Major finding: CTLA-4 blockade with ipilimumab activates the immune inhibitory VISTA checkpoint in prostate cancer.
Mechanism: Ipilimumab promotes immune cell infiltration and increases VISTA+ and PD-L1+ M2 macrophages.
Impact: Immunologic changes in the tumor microenvironment influence the response to checkpoint blockade.

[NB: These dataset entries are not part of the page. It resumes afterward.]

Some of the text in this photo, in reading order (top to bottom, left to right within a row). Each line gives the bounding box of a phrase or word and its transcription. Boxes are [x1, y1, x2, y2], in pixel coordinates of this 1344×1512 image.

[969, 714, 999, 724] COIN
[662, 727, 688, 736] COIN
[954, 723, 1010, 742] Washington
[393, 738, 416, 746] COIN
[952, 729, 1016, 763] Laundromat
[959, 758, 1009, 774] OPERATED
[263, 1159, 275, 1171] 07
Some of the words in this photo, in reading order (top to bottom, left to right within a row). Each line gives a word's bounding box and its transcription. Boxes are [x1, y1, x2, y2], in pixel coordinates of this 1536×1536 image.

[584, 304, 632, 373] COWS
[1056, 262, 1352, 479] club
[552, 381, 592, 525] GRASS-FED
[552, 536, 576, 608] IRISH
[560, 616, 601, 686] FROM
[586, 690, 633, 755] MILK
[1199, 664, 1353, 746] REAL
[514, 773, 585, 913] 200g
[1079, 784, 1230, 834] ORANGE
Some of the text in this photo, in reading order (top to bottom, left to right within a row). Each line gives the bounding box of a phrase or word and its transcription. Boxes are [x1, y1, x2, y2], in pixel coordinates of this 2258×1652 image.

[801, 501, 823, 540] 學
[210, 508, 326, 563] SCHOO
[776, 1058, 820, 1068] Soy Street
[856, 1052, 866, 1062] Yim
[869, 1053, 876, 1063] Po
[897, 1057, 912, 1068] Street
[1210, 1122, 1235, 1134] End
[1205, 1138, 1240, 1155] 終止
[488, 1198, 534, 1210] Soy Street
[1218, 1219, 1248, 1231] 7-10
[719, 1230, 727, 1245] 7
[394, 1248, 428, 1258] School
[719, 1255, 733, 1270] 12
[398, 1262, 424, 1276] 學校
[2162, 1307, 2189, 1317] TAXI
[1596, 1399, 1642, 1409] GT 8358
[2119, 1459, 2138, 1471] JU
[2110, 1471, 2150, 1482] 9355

Immune checkpoint blockade using anti–CTLA-4 or anti–PD-1 therapies leads to durable responses in multiple tumor types, but prostate cancer does not respond well to monotherapy with immune checkpoint inhibitors. Gao and colleagues performed a clinical trial treating 17 patients with localized prostate cancer with the anti–CTLA-4 antibody ipilimumab plus androgen-deprivation therapy (ADT) before surgery to better understand potential compensatory immune inhibitory pathways that may limit the response to ipilimumab. Comparison of baseline and post-treatment blood samples and tumor tissues revealed that ipilimumab plus ADT, but not ADT alone, increased the number of tumor-infiltrating CD4+, CD8+, and ICOS+ T cells, and CD68+ macrophages. However, complete responses were not observed. Gene expression analysis found that the inhibitory immune checkpoint molecules PD-L1 and VISTA were upregulated in response to ipilimumab therapy, suggesting a potential compensatory inhibitory mechanism that might limit responses to ipilimumab in patients with prostate cancer. Specifically, ipilimumab increased expression of PD-L1 and VISTA on CD4+ and CD8+ T cells and on CD68+ macrophages. Ipilimumab achieves better responses in patients with melanoma compared with prostate cancer, and, although ipilimumab treatment increased PD-L1 and VISTA expression on T cells in both tumor types, ipilimumab led to a greater increase in PD-L1 and VISTA expression in CD68+ macrophages in patients with prostate cancer compared with melanoma. In post-treatment melanoma there was an increase in M1 subtype macrophages, whereas post-treatment prostate cancer was associated with PD-L1+ and VISTA+ M2 macrophages that suppress T-cell function. Collectively, these findings suggest that the VISTA immune inhibitory pathway may be activated by ipilimumab in patients with prostate cancer, limiting therapeutic efficacy, and supporting further investigation of VISTA as a therapeutic target to improve responses.